The parallels are obvious: Oh What a Lovely War! and Close the Coalhouse Door take a similar approach. We see the March through the eyes of those who took part. It's not just Ellen Wilkinson: it's Cuthbert (Cuddy) Miles, the cook, who adopted a dog on the way; it's Jones, the undercover policeman; it's the randy young lad who wants to have sex with a new woman at every stopping off point; it's the Mayor of Jarrow and his boringly repeated speech. In short, it's what went on while they marched.

It's a completely new way of looking at this iconic event, and it turns it from an icon into a piece of real human experience.

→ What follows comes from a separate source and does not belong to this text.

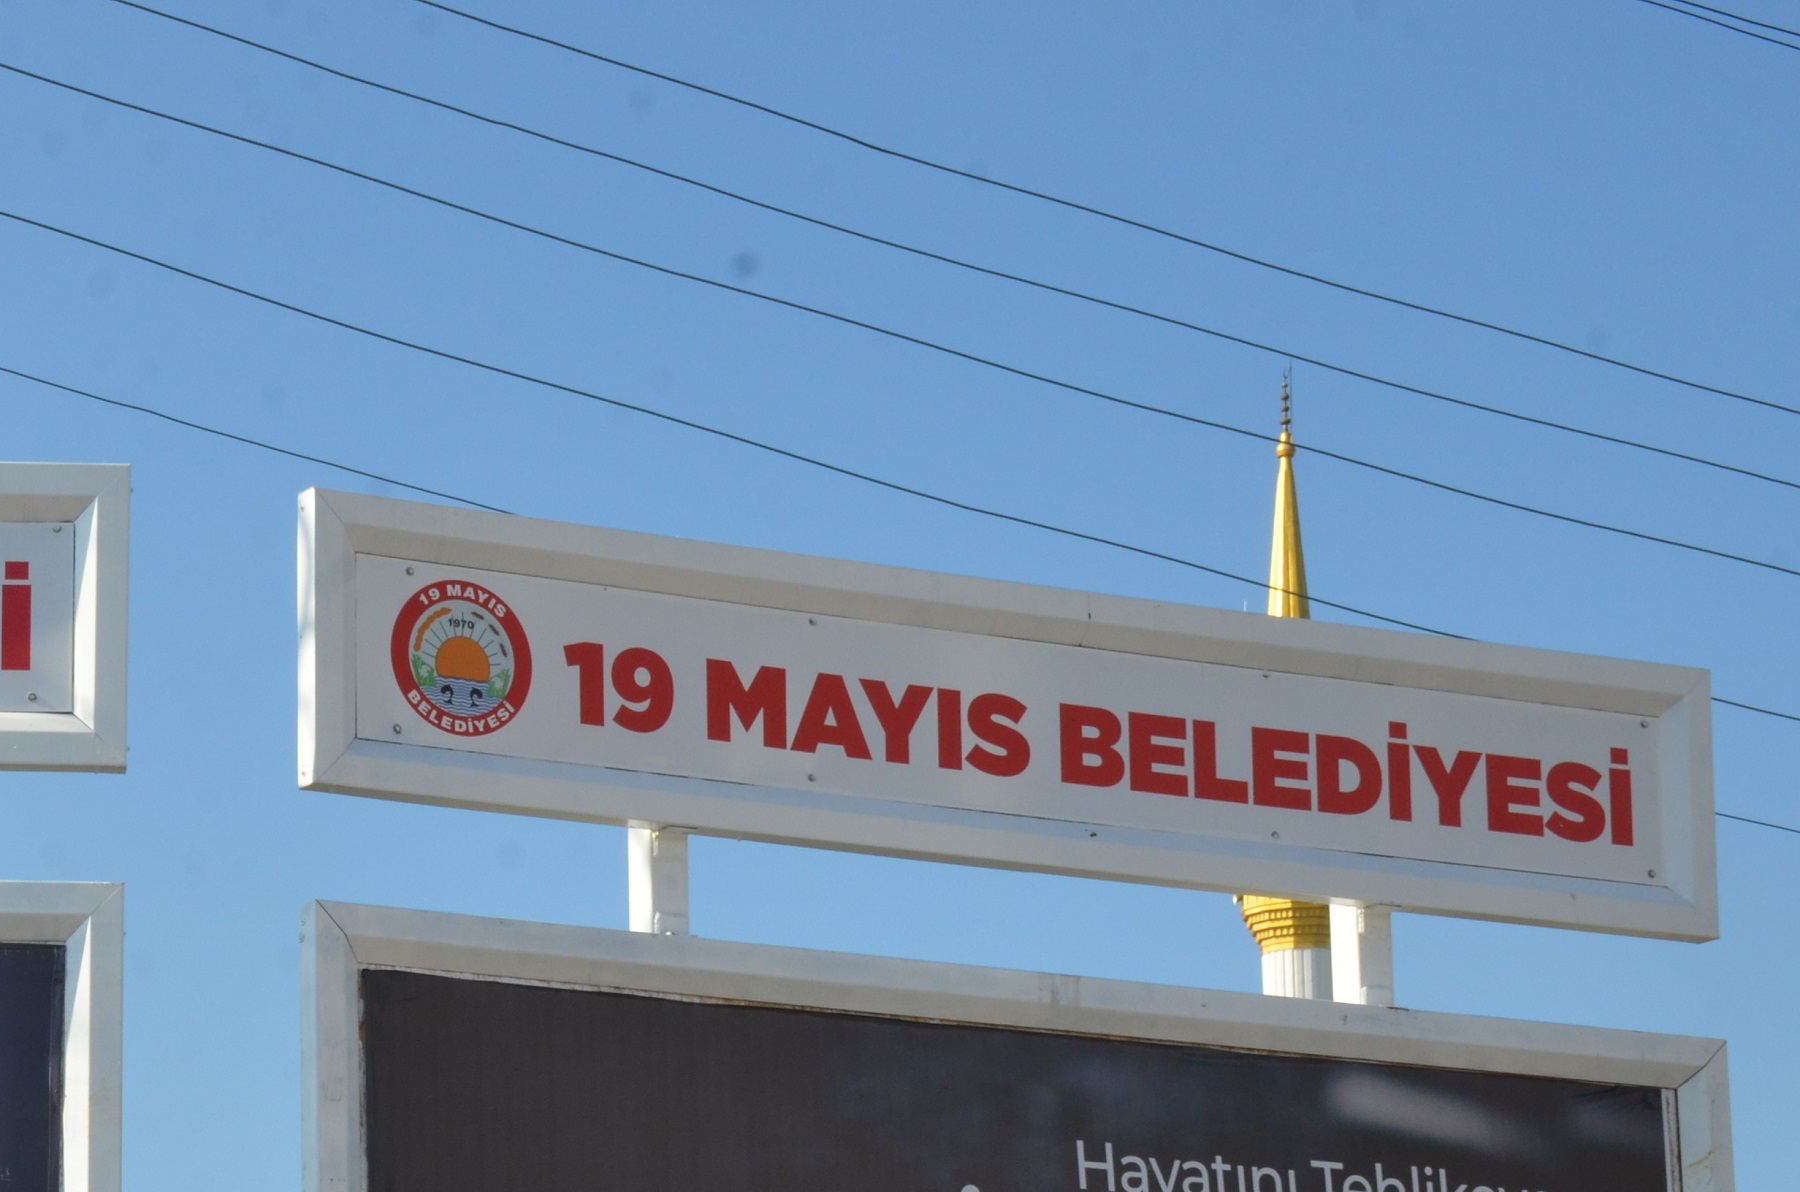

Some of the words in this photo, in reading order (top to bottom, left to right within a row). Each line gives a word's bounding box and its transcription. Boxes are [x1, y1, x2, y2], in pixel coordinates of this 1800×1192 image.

It has its odd off-the-wall, almost surreal moments: the box in which the petition of the people of Jarrow was carried has its own song, hilariously delivered by Jane Holman, accompanied by a bunch of Keystone Cops; Adolf Hitler (Holman again) makes an appearance in a very funny double act with Lord Londonderry (Donald McBride, who also plays Cuddy), mediated by a German functionary (Micky Cochrane); Stanley Baldwin, of course, is there, too (played by Chris Connel, who also plays Councillor David Reilly, one of the leaders of the March), in hunting pink! Oh, and co-author David Whitaker also plays Paddy the dog - and a pig.

Between them, the cast of seven - the above plus Helen French (Ellen Wilkinson) and Wayne Miller (the undercover cop) - play a variety of parts and sing their hearts out. And they do that very well.

Which brings us to the music. John Miles' songs are all eminently singable and hard to get out of your head, and David Bintley's arrangements for the six-piece band capture exactly the feel of the music of the period.

It's great fun but with a hard political edge. In the first half the audience were fairly slow to respond as it was clearly not what they expected, but after the interval they had warmed to the piece and there was much laughter, helped along by Jackie Fielding's witty direction.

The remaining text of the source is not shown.